_Goal of the exercise_
All of the data should be given again word for word, though the images are to be left out.
--
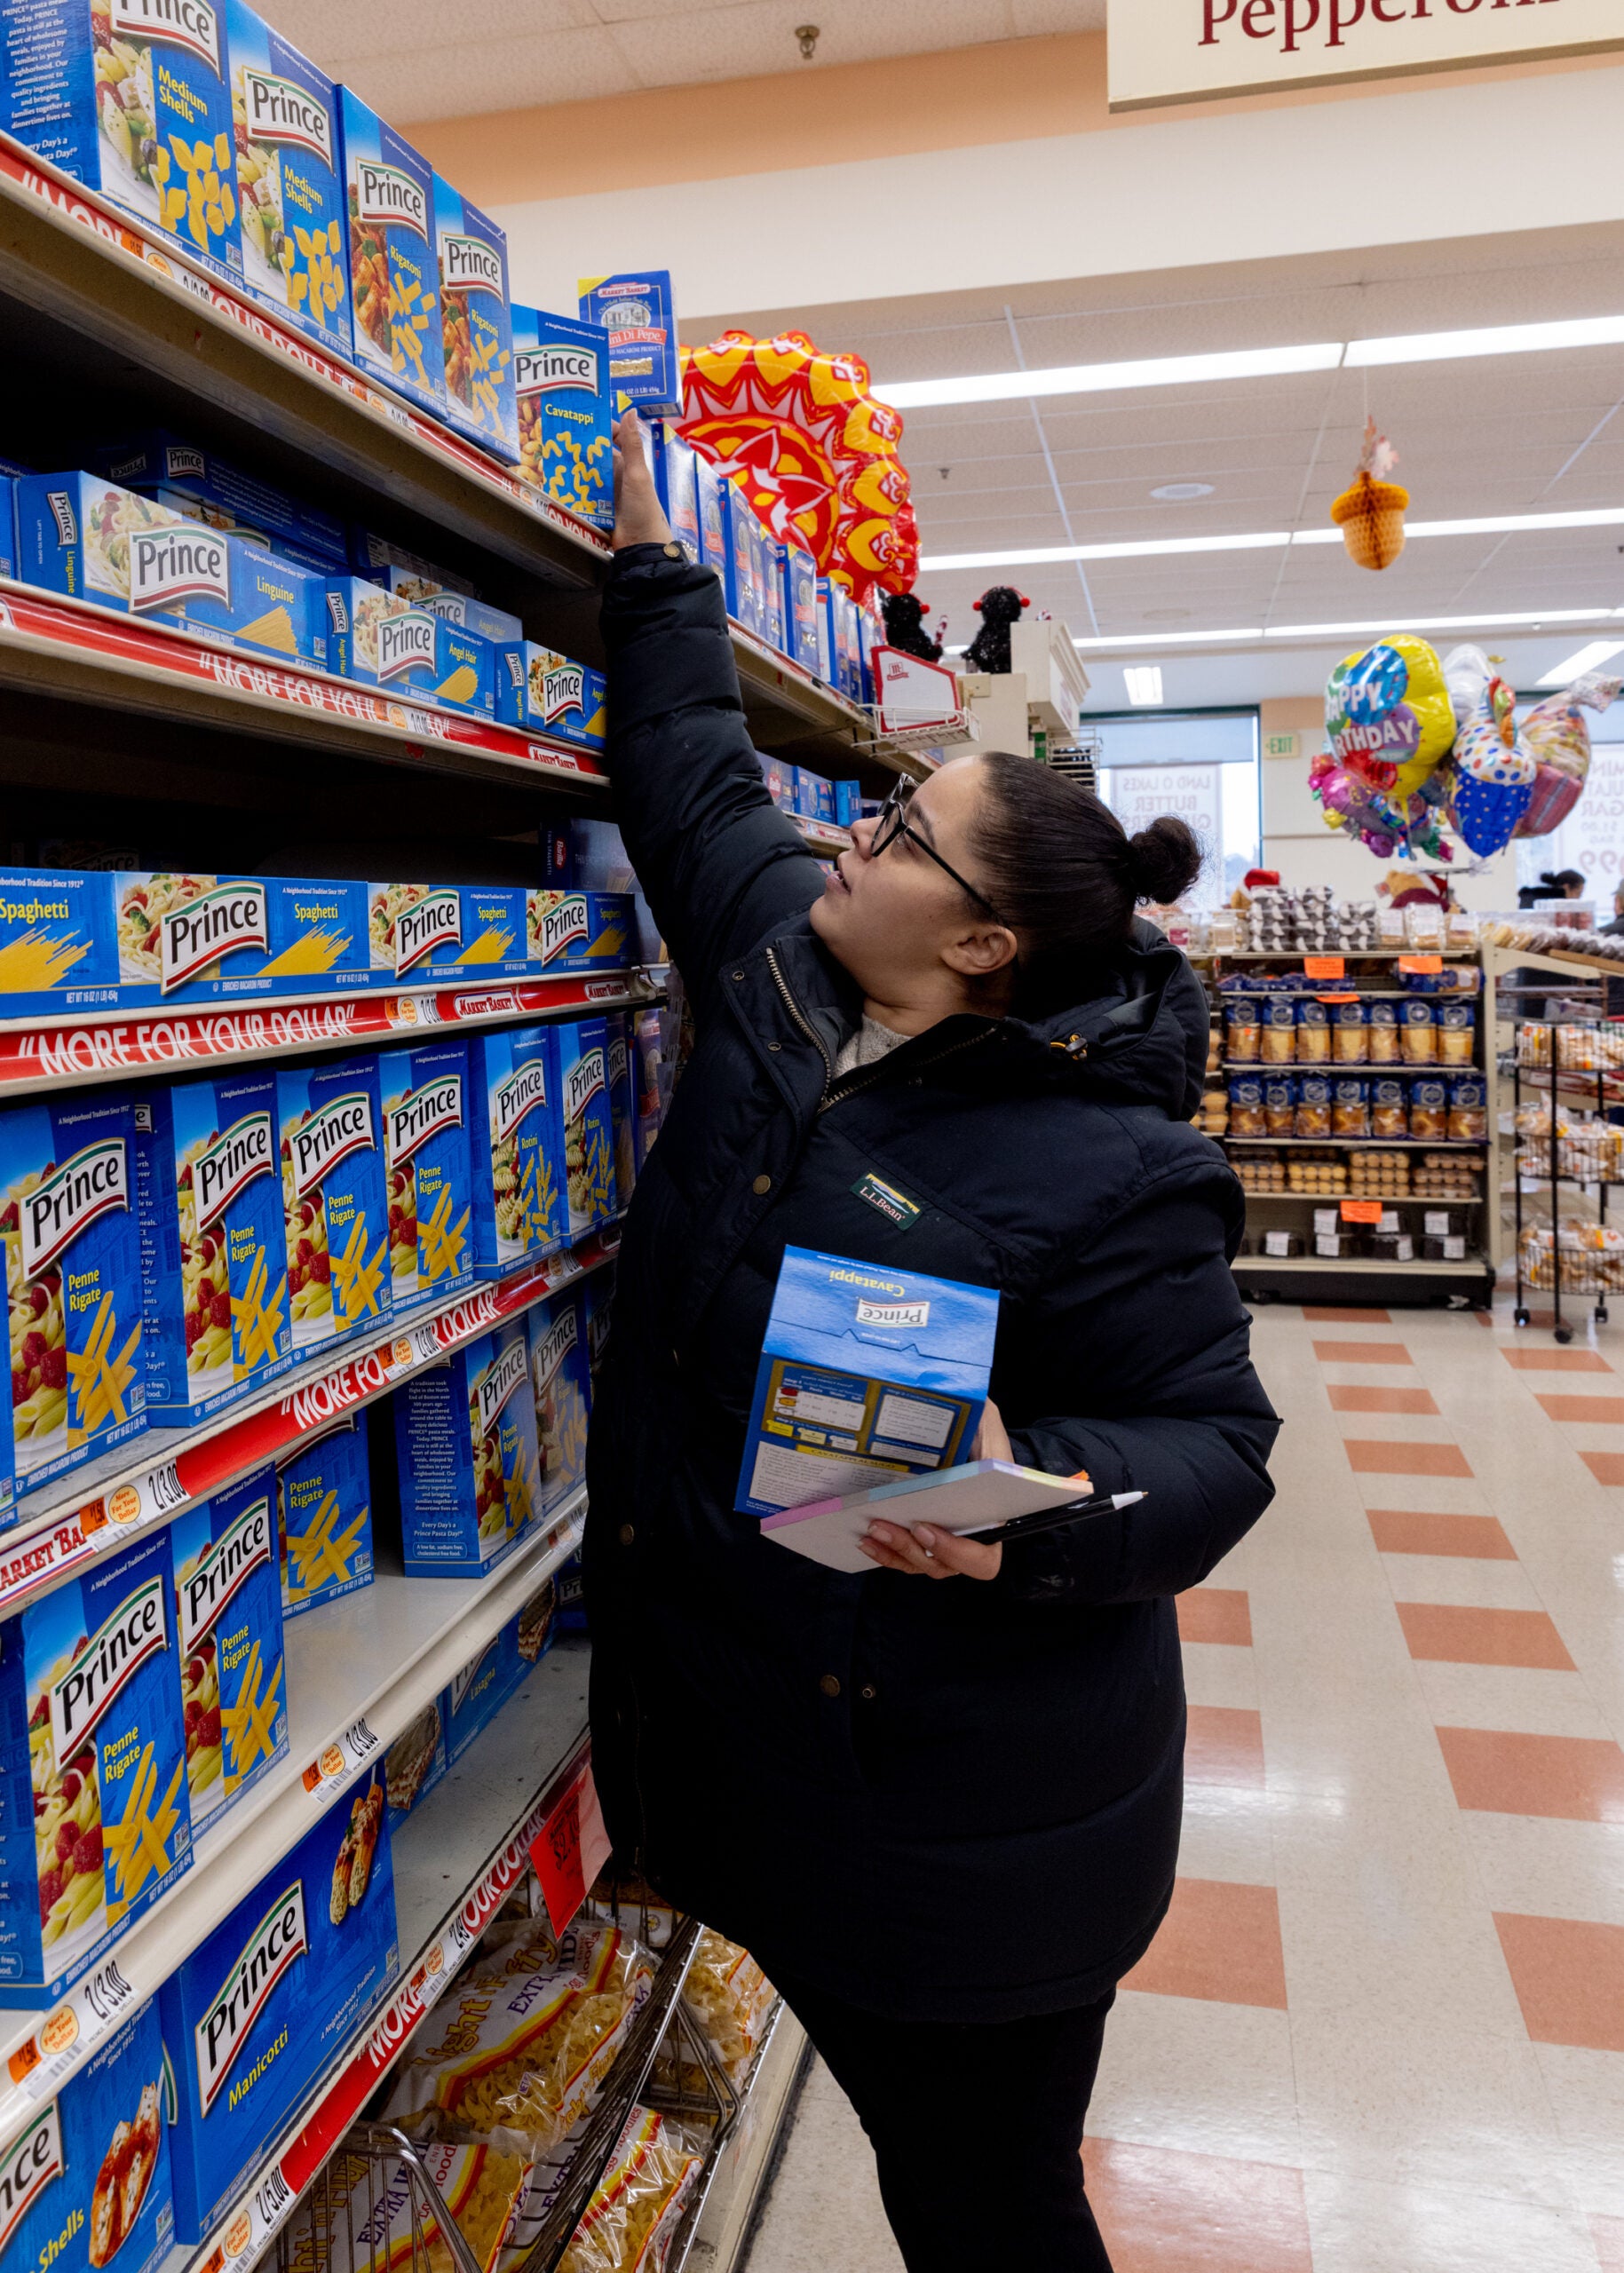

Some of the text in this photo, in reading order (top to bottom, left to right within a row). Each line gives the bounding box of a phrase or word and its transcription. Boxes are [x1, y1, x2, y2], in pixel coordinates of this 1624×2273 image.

[158, 65, 209, 116] Medium
[159, 85, 194, 124] Shells
[252, 81, 325, 142] Prince
[284, 164, 323, 207] Medium
[285, 184, 313, 215] Shells
[364, 169, 422, 219] Prince
[390, 245, 422, 280] Rigatoni
[448, 242, 499, 283] Prince
[471, 308, 499, 339] Rigatoni
[623, 331, 635, 343] Di
[638, 329, 663, 343] Pepe.
[516, 352, 590, 384] Prince
[545, 404, 594, 424] Cavatappi
[170, 449, 202, 469] Prince
[54, 495, 73, 540] Prince
[65, 550, 75, 594] Linguine
[139, 533, 221, 586] Prince
[257, 575, 294, 604] Linguine
[331, 595, 345, 630] Prince
[479, 620, 495, 634] Angel
[494, 624, 506, 637] Hair
[383, 620, 431, 661] Prince
[448, 643, 477, 664] Angel Hair
[510, 655, 521, 684] Prince
[284, 673, 324, 711] FOR
[546, 672, 580, 708] Prince
[1327, 681, 1382, 721] APPY
[1269, 736, 1293, 755] EXIT
[1334, 719, 1414, 757] RTHDAY
[0, 898, 69, 924] Spaghetti
[295, 903, 338, 923] Spaghetti
[400, 903, 456, 954] Prince
[478, 906, 507, 923] Spaghetti
[545, 905, 584, 947] Prince
[170, 899, 257, 965] Prince
[459, 996, 514, 1015] MARKET BASKET
[136, 1021, 194, 1065] FOR
[195, 1010, 271, 1057] YOUR
[501, 1071, 542, 1125] Prince
[571, 1057, 602, 1106] Prince
[394, 1088, 456, 1147] Prince
[587, 1117, 600, 1131] Rotini
[297, 1107, 364, 1176] Prince
[521, 1133, 538, 1151] Rotini
[201, 1128, 266, 1206] Prince
[419, 1165, 441, 1181] Penne
[32, 1157, 118, 1248] Prince
[329, 1193, 353, 1209] Penne
[419, 1179, 443, 1195] Rigate
[860, 1186, 904, 1222] L.L.Bean
[230, 1225, 255, 1243] Penne
[329, 1208, 355, 1226] Rigate
[232, 1243, 257, 1263] Rigate
[68, 1269, 99, 1291] Penne
[829, 1270, 905, 1298] Cavatappi
[69, 1288, 101, 1312] Rigate
[863, 1307, 923, 1324] Prince
[540, 1314, 575, 1377] Prince
[354, 1351, 386, 1397] FO
[483, 1348, 524, 1417] Prince
[502, 1424, 518, 1440] Penne
[503, 1437, 519, 1453] Rigate
[115, 1491, 130, 1501] More
[147, 1463, 187, 1510] 2/3.00
[289, 1475, 322, 1494] Penne
[290, 1488, 324, 1509] Rigate
[112, 1497, 137, 1515] For Your
[118, 1507, 137, 1521] Dollar
[0, 1539, 55, 1591] ARKET
[96, 1565, 128, 1588] Neighborhood
[127, 1553, 147, 1572] Tradition
[146, 1547, 156, 1559] Since
[189, 1517, 264, 1628] Prince
[222, 1624, 250, 1655] Penne
[62, 1599, 156, 1735] Prince
[223, 1642, 250, 1673] Rigate
[103, 1726, 139, 1763] Penne
[105, 1746, 141, 1785] Rigate
[84, 1959, 132, 2020] 2/3.00
[207, 1906, 297, 2073] Prince
[324, 1987, 357, 2036] Neighborhood
[356, 1965, 376, 1994] Tradition
[44, 2016, 73, 2047] For Your
[48, 2011, 65, 2030] More
[87, 1997, 154, 2078] A Neighborhood Tradition
[335, 2015, 349, 2034] Since
[51, 2028, 75, 2051] Dollar
[107, 2050, 123, 2069] Since
[228, 2024, 289, 2112] Manicotti
[256, 2164, 289, 2225] 2/5.00
[38, 2207, 85, 2273] Shells
[226, 2237, 236, 2250] For
[233, 2231, 249, 2253] Dollar
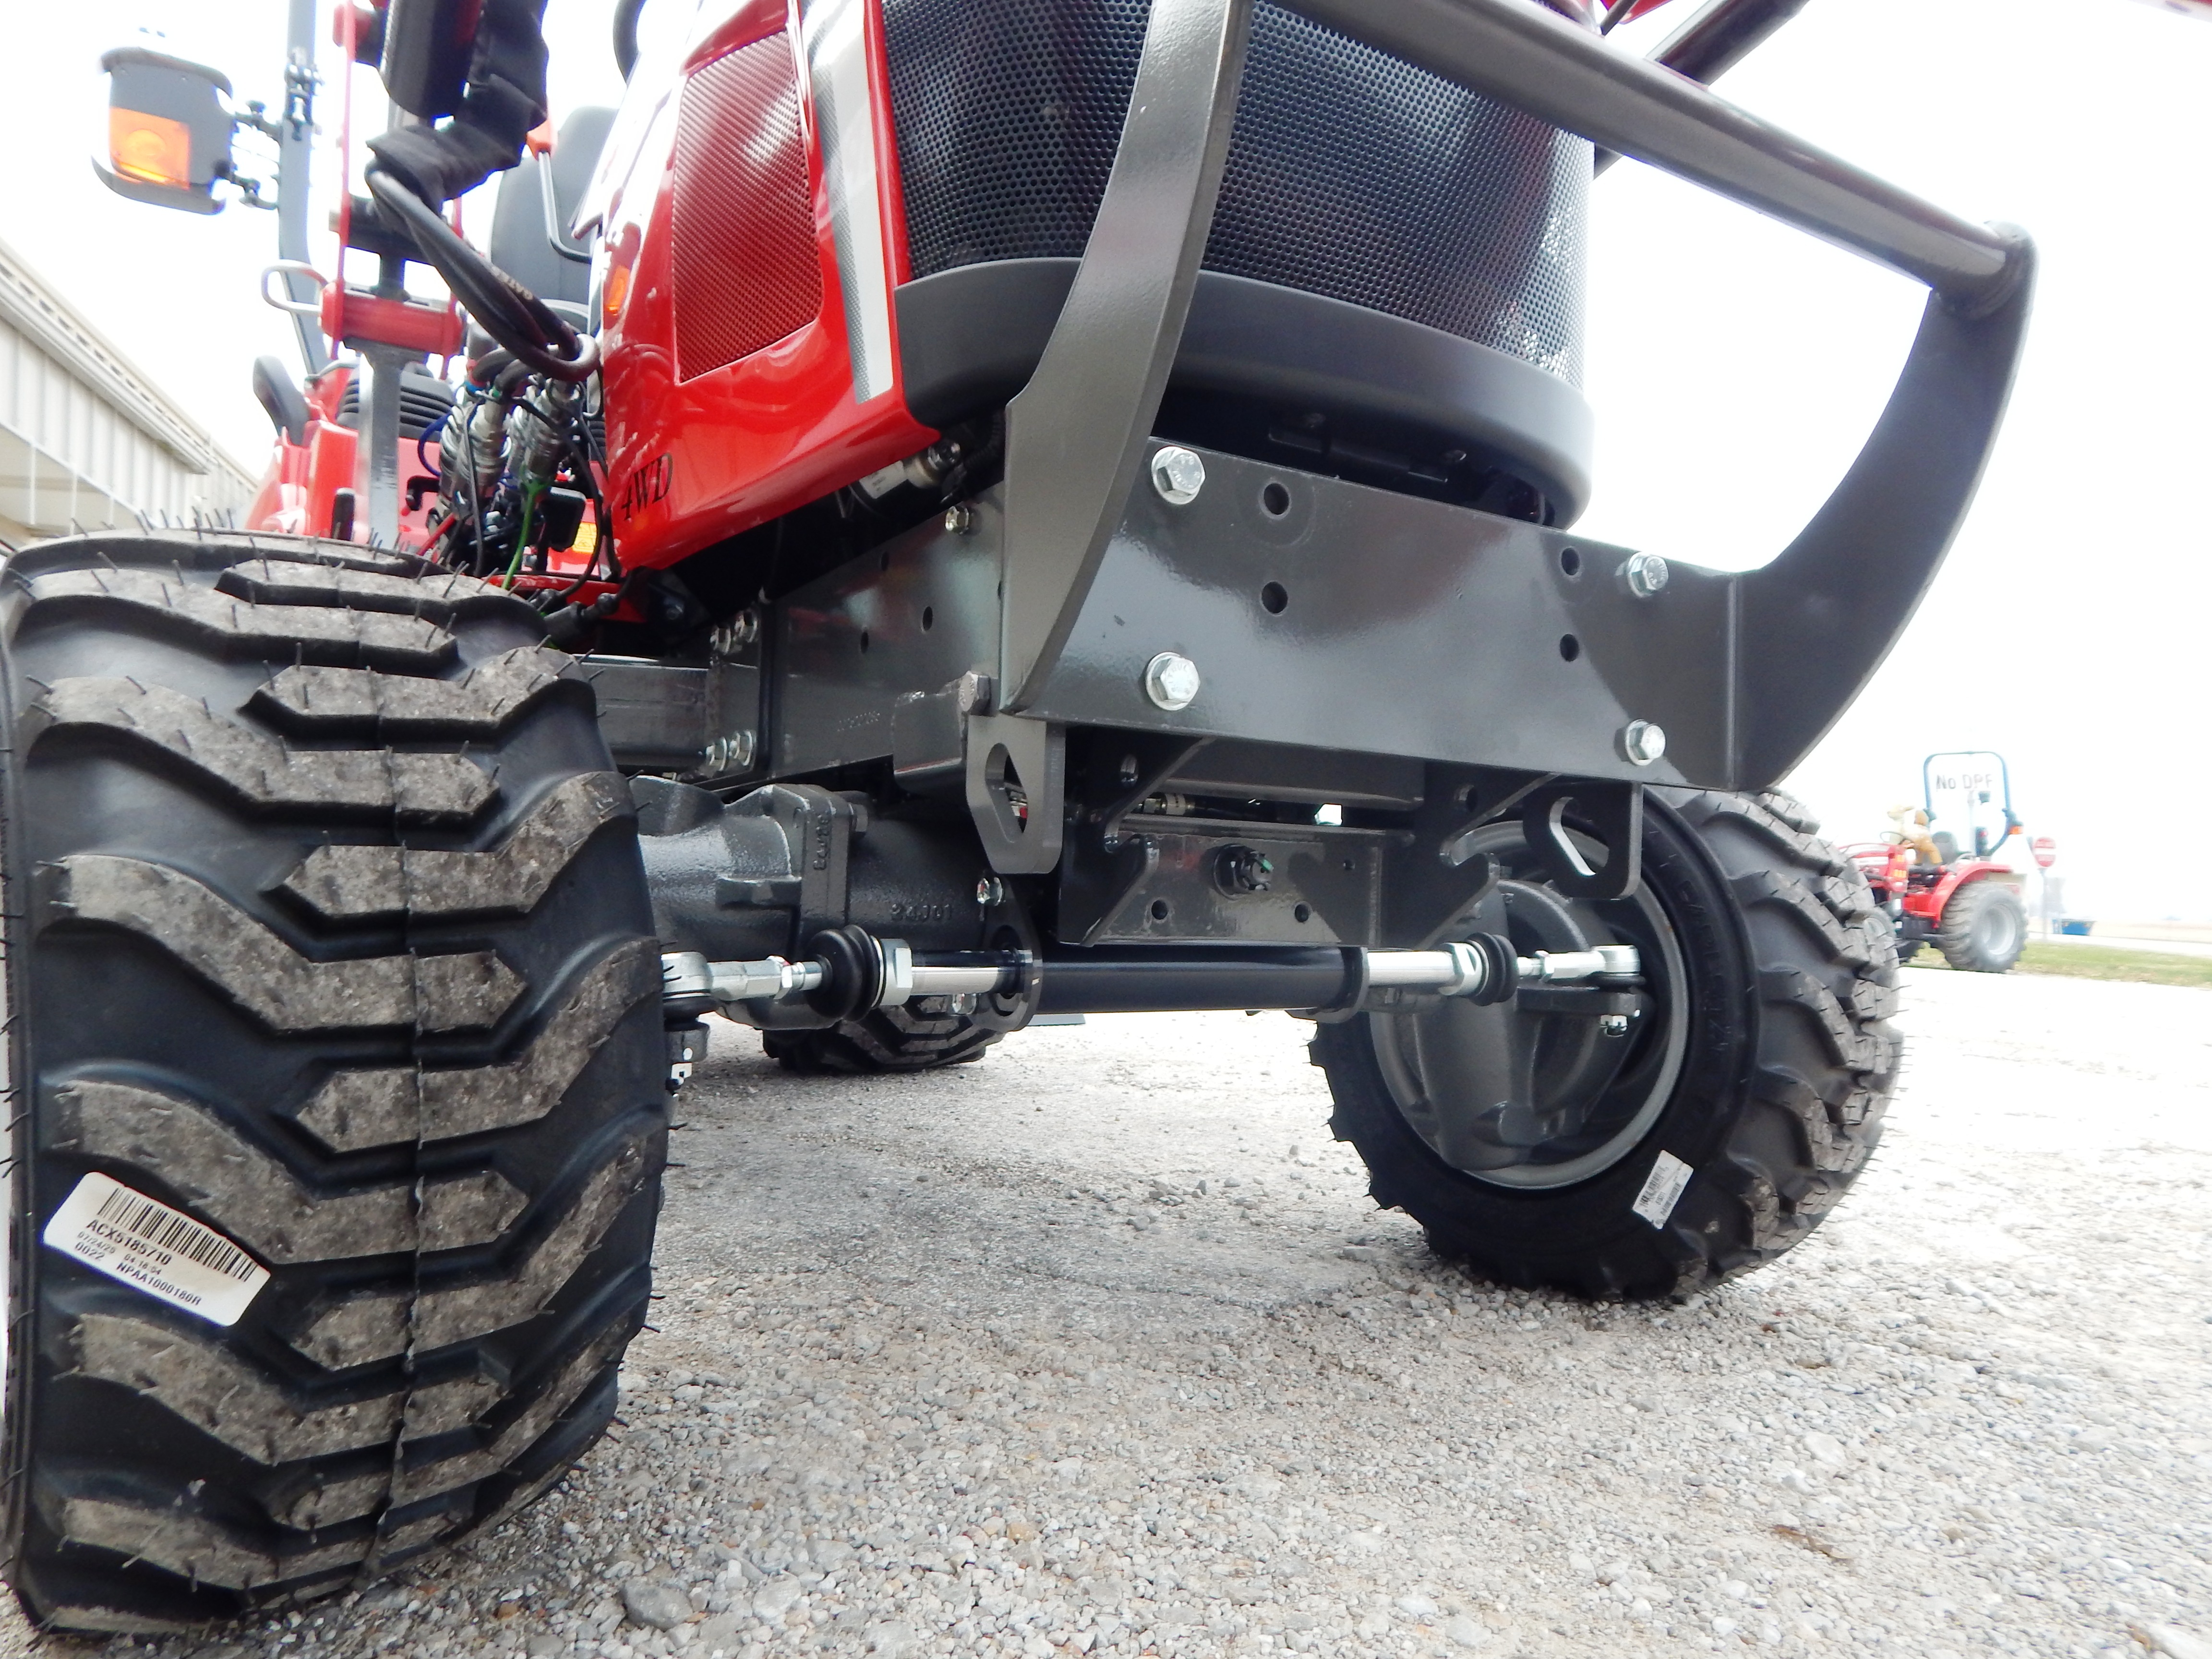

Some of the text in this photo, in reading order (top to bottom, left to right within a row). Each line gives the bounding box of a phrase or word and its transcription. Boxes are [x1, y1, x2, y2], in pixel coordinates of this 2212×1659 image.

[621, 453, 673, 520] 4WD
[1936, 774, 1993, 789] No DPF
[76, 1241, 105, 1260] 0022
[86, 1219, 172, 1265] ACX5185710
--
_Answer to the exercise_
Some of the text in this photo, in reading order (top to bottom, left to right within a row). Each line gives the bounding box of a phrase or word and its transcription. Boxes are [x1, y1, x2, y2], in pixel coordinates of this 1624×2273 image.

[158, 65, 209, 116] Medium
[159, 85, 194, 124] Shells
[252, 81, 325, 142] Prince
[284, 164, 323, 207] Medium
[285, 184, 313, 215] Shells
[364, 169, 422, 219] Prince
[390, 245, 422, 280] Rigatoni
[448, 242, 499, 283] Prince
[471, 308, 499, 339] Rigatoni
[623, 331, 635, 343] Di
[638, 329, 663, 343] Pepe.
[516, 352, 590, 384] Prince
[545, 404, 594, 424] Cavatappi
[170, 449, 202, 469] Prince
[54, 495, 73, 540] Prince
[65, 550, 75, 594] Linguine
[139, 533, 221, 586] Prince
[257, 575, 294, 604] Linguine
[331, 595, 345, 630] Prince
[479, 620, 495, 634] Angel
[494, 624, 506, 637] Hair
[383, 620, 431, 661] Prince
[448, 643, 477, 664] Angel Hair
[510, 655, 521, 684] Prince
[284, 673, 324, 711] FOR
[546, 672, 580, 708] Prince
[1327, 681, 1382, 721] APPY
[1269, 736, 1293, 755] EXIT
[1334, 719, 1414, 757] RTHDAY
[0, 898, 69, 924] Spaghetti
[295, 903, 338, 923] Spaghetti
[400, 903, 456, 954] Prince
[478, 906, 507, 923] Spaghetti
[545, 905, 584, 947] Prince
[170, 899, 257, 965] Prince
[459, 996, 514, 1015] MARKET BASKET
[136, 1021, 194, 1065] FOR
[195, 1010, 271, 1057] YOUR
[501, 1071, 542, 1125] Prince
[571, 1057, 602, 1106] Prince
[394, 1088, 456, 1147] Prince
[587, 1117, 600, 1131] Rotini
[297, 1107, 364, 1176] Prince
[521, 1133, 538, 1151] Rotini
[201, 1128, 266, 1206] Prince
[419, 1165, 441, 1181] Penne
[32, 1157, 118, 1248] Prince
[329, 1193, 353, 1209] Penne
[419, 1179, 443, 1195] Rigate
[860, 1186, 904, 1222] L.L.Bean
[230, 1225, 255, 1243] Penne
[329, 1208, 355, 1226] Rigate
[232, 1243, 257, 1263] Rigate
[68, 1269, 99, 1291] Penne
[829, 1270, 905, 1298] Cavatappi
[69, 1288, 101, 1312] Rigate
[863, 1307, 923, 1324] Prince
[540, 1314, 575, 1377] Prince
[354, 1351, 386, 1397] FO
[483, 1348, 524, 1417] Prince
[502, 1424, 518, 1440] Penne
[503, 1437, 519, 1453] Rigate
[115, 1491, 130, 1501] More
[147, 1463, 187, 1510] 2/3.00
[289, 1475, 322, 1494] Penne
[290, 1488, 324, 1509] Rigate
[112, 1497, 137, 1515] For Your
[118, 1507, 137, 1521] Dollar
[0, 1539, 55, 1591] ARKET
[96, 1565, 128, 1588] Neighborhood
[127, 1553, 147, 1572] Tradition
[146, 1547, 156, 1559] Since
[189, 1517, 264, 1628] Prince
[222, 1624, 250, 1655] Penne
[62, 1599, 156, 1735] Prince
[223, 1642, 250, 1673] Rigate
[103, 1726, 139, 1763] Penne
[105, 1746, 141, 1785] Rigate
[84, 1959, 132, 2020] 2/3.00
[207, 1906, 297, 2073] Prince
[324, 1987, 357, 2036] Neighborhood
[356, 1965, 376, 1994] Tradition
[44, 2016, 73, 2047] For Your
[48, 2011, 65, 2030] More
[87, 1997, 154, 2078] A Neighborhood Tradition
[335, 2015, 349, 2034] Since
[51, 2028, 75, 2051] Dollar
[107, 2050, 123, 2069] Since
[228, 2024, 289, 2112] Manicotti
[256, 2164, 289, 2225] 2/5.00
[38, 2207, 85, 2273] Shells
[226, 2237, 236, 2250] For
[233, 2231, 249, 2253] Dollar

Some of the text in this photo, in reading order (top to bottom, left to right within a row). Each line gives the bounding box of a phrase or word and its transcription. Boxes are [x1, y1, x2, y2], in pixel coordinates of this 2212×1659 image.

[621, 453, 673, 520] 4WD
[1936, 774, 1993, 789] No DPF
[76, 1241, 105, 1260] 0022
[86, 1219, 172, 1265] ACX5185710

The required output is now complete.